The chief executive of General Electric, Jeffrey Immelt, said May 26, that India is ripe for sales of medical equipment, jet engines and power plants after making money from its pool of highly-skilled labor.
"In the past, anytime we invested in the people of India, we made a lot of money and anytime we invested in the market of India, we lost. We now need to be as bold on the market side" said Immelt, chief executive and chairman of GE at a meeting of industrialists.
GE was in the forefront of tapping India's large English-speaking population for outsourcing services. It has around 30 businesses in India ranging from aircraft engines, financial services, health and lighting technologies.

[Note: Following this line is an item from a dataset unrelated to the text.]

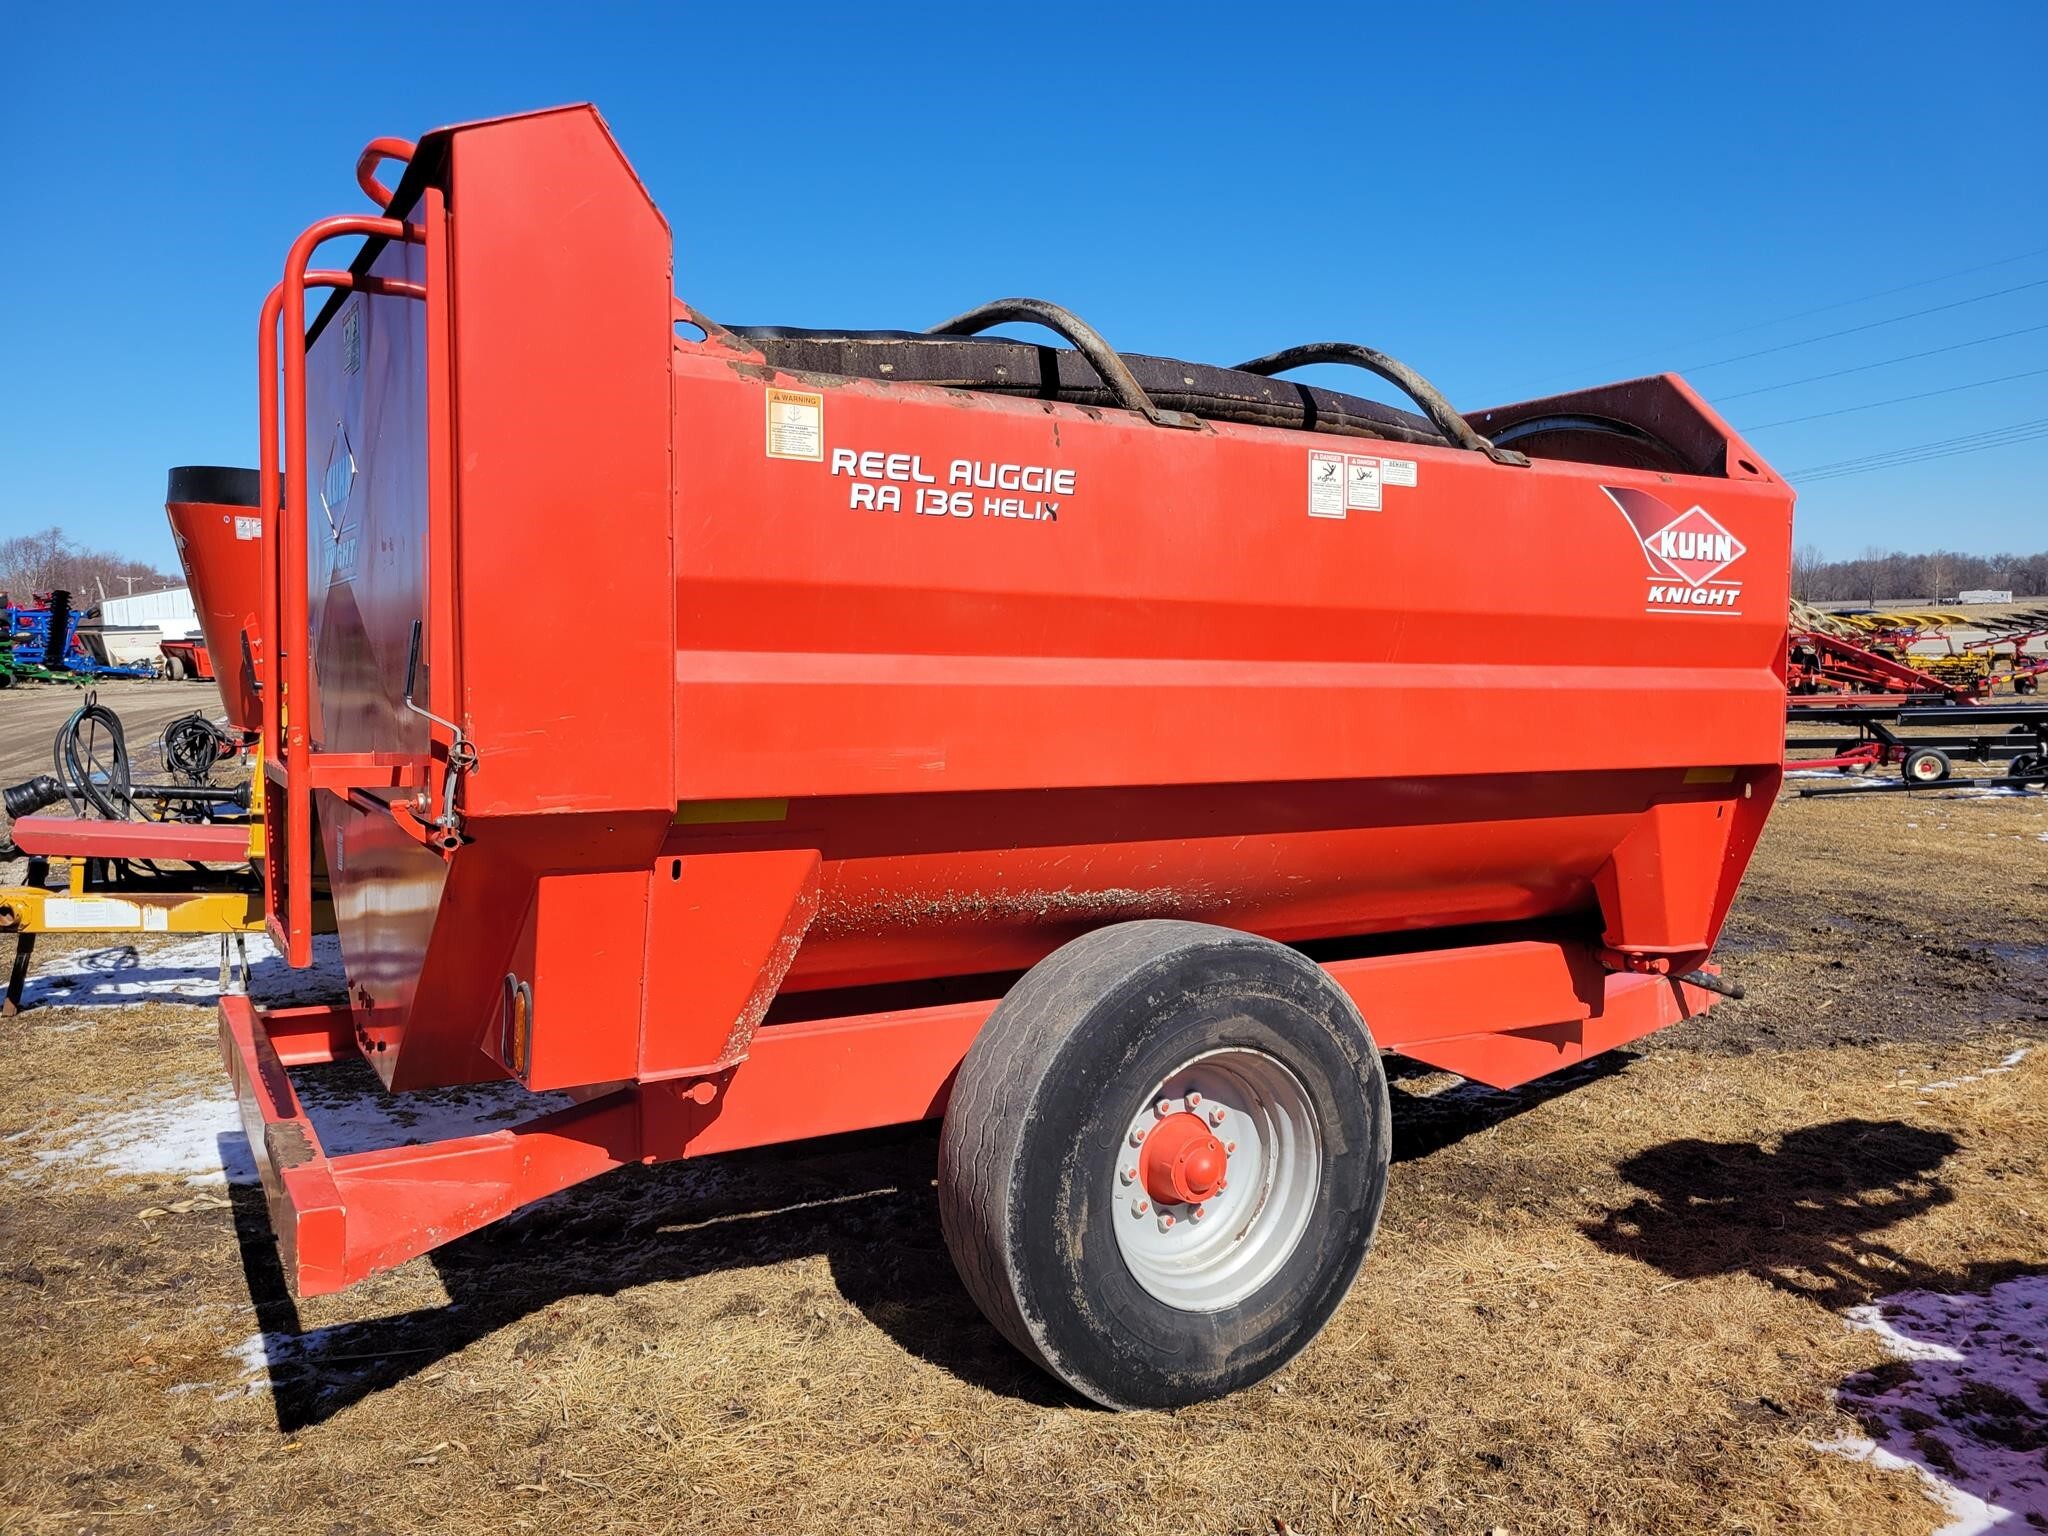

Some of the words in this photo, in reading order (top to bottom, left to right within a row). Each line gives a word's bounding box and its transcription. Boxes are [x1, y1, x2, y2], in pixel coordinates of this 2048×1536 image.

Now it is focused on selling jet engines to India's growing aviation market as well as healthcare and power plant equipment to consumers and companies in Asia's fourth largest economy Immelt said.
However, Immelt noted that GE has had trouble with the largest direct foreign investment project in India, the $3.0 billion Dabhol power project in western India, which shut down in 2002 after a dispute. GE along with Bechtel controls 85% in Dabhol and is in negotiations with foreign and Indian lenders as well as the Indian and U.S. governments to restart the project to ease a severe power shortage in the western state of Maharastra.
The company said it would also sell medical equipment to a leading Indian heart surgeon, Naresh Trehan, for a sophisticated diagnostic and research centrr called Medicity to be set up on the outskirts of New Delhi. Immelt said GE would provide the technical expertise and high-end diagnostic tools, while the $250 million investment required in the project comes from Trehan.
The company also said it is eager to provide jet engines for a large number of planes ordered by Indian airlines, including several new budget carriers.